### Work task
Give the records again word for word. Leave every picture out.

────

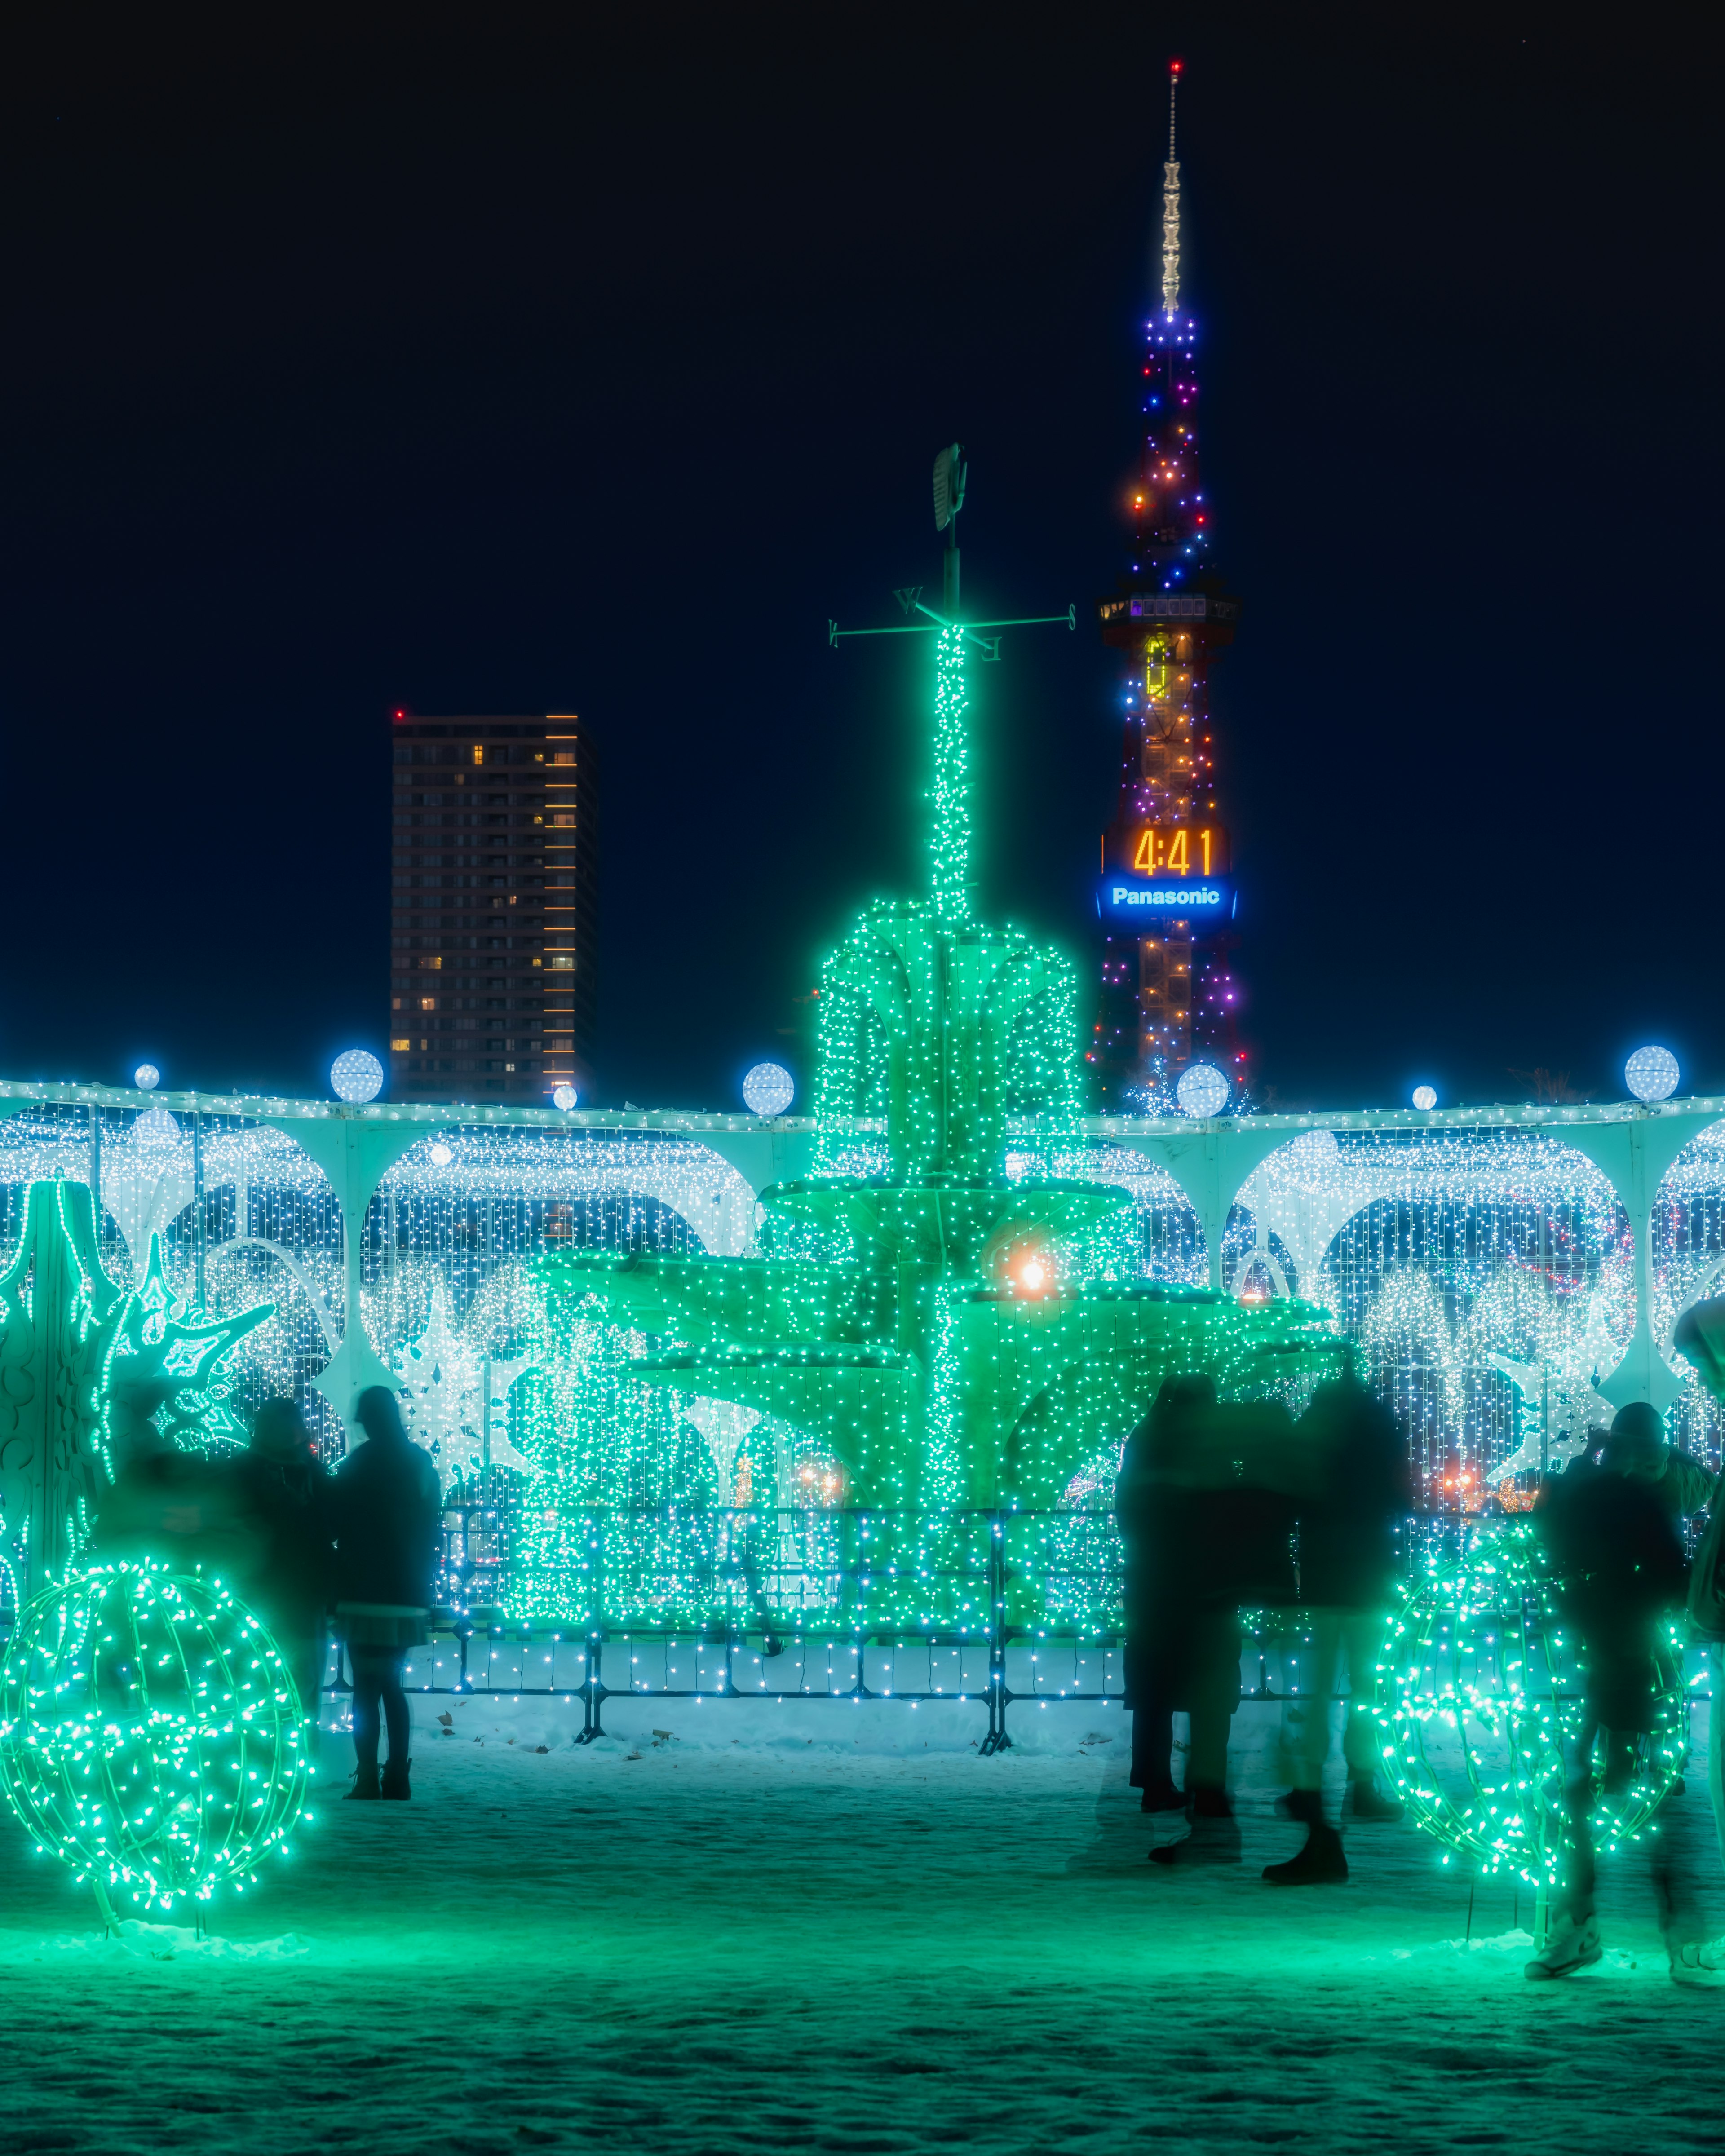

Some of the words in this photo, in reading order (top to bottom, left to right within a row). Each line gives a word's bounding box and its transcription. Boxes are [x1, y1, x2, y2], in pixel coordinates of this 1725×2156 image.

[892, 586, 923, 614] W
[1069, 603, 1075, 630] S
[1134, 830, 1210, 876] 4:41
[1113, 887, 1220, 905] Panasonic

────

### Result of this task
Some of the words in this photo, in reading order (top to bottom, left to right within a row). Each line gives a word's bounding box and its transcription. Boxes are [x1, y1, x2, y2], in pixel coordinates of this 1725×2156 image.

[892, 586, 923, 614] W
[1069, 603, 1075, 630] S
[1134, 830, 1210, 876] 4:41
[1113, 887, 1220, 905] Panasonic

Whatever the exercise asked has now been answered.